Below, we’ve answered some of the most common questions we are asked by clients. After reading through this page, we invite you to contact us to discuss your options in a free initial consultation.
How much time do I have to file a personal injury lawsuit after a car accident?
In Colorado, the statute of limitations for most personal injury claims is three years from the date of accident/injury. If you don’t begin your lawsuit within that three-year window, you may be barred from seeking compensation in civil court.
Although that is a generous amount of time to file a claim, you likely can’t afford to delay taking legal action. The sooner you contact an attorney, the better your chances of completing an accurate investigation, preserving evidence and calling upon the testimony of witnesses.
Do I lose the right to sue if I was partially at fault for the crash?

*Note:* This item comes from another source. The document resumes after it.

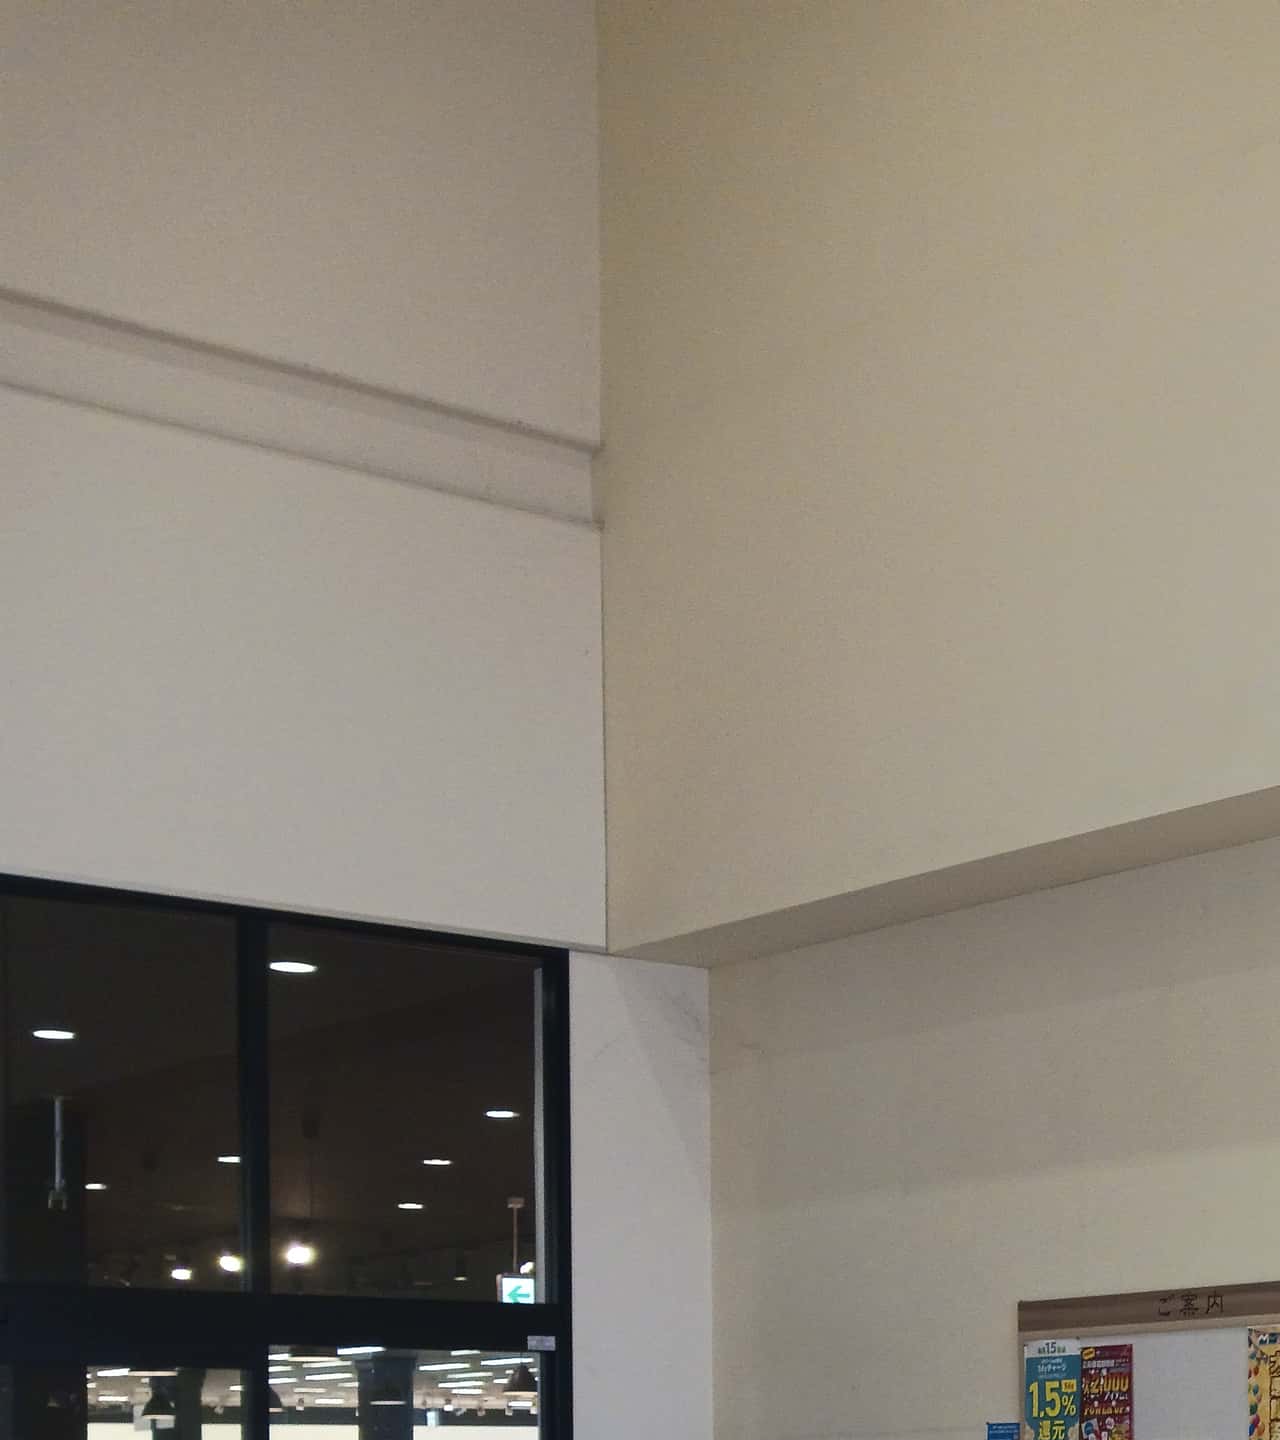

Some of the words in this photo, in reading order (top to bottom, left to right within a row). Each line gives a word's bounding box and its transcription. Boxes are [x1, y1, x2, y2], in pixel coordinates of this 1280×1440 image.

[1157, 1292, 1224, 1317] ご案内
[1029, 1380, 1077, 1418] 1.5%
[1038, 1420, 1066, 1440] 還元

Thankfully, the answer is usually no. Colorado recognizes a legal principle known as modified comparative negligence. Under this principle, the two (or more) parties to a lawsuit may each be assigned a percentage of fault for the accident/injuries. As long as you are less than 50% at fault for the crash, you can pursue compensation in a civil lawsuit.
Your compensation will just be reduced by the percentage of fault assigned to you. For instance, if you were deemed 20% at fault and won your case, you would be able to collect 80% of the total damages you were seeking.
Why should I work with an attorney instead of just taking a settlement offer?
As an accident victim, it is certainly your right to take the first settlement offer made by the at-fault driver’s insurance company. However, doing this is usually a mistake for at least two reasons. First, the initial offer you receive is likely to be far less than what you need and far less than what your case is worth. Insurance companies maximize their profits by settling claims for as little money as possible, so a lowball settlement offer is standard practice.
Second, you likely won’t know how much money you need and what your case is worth until you consult with an attorney. You need to factor in all medical bills (present and future), lost wages, pain and suffering, and other damages to understand the full costs of the accident. If you accept a quick settlement offer, you typically sign away your right to sue if you later realize that it isn’t enough to cover your expenses.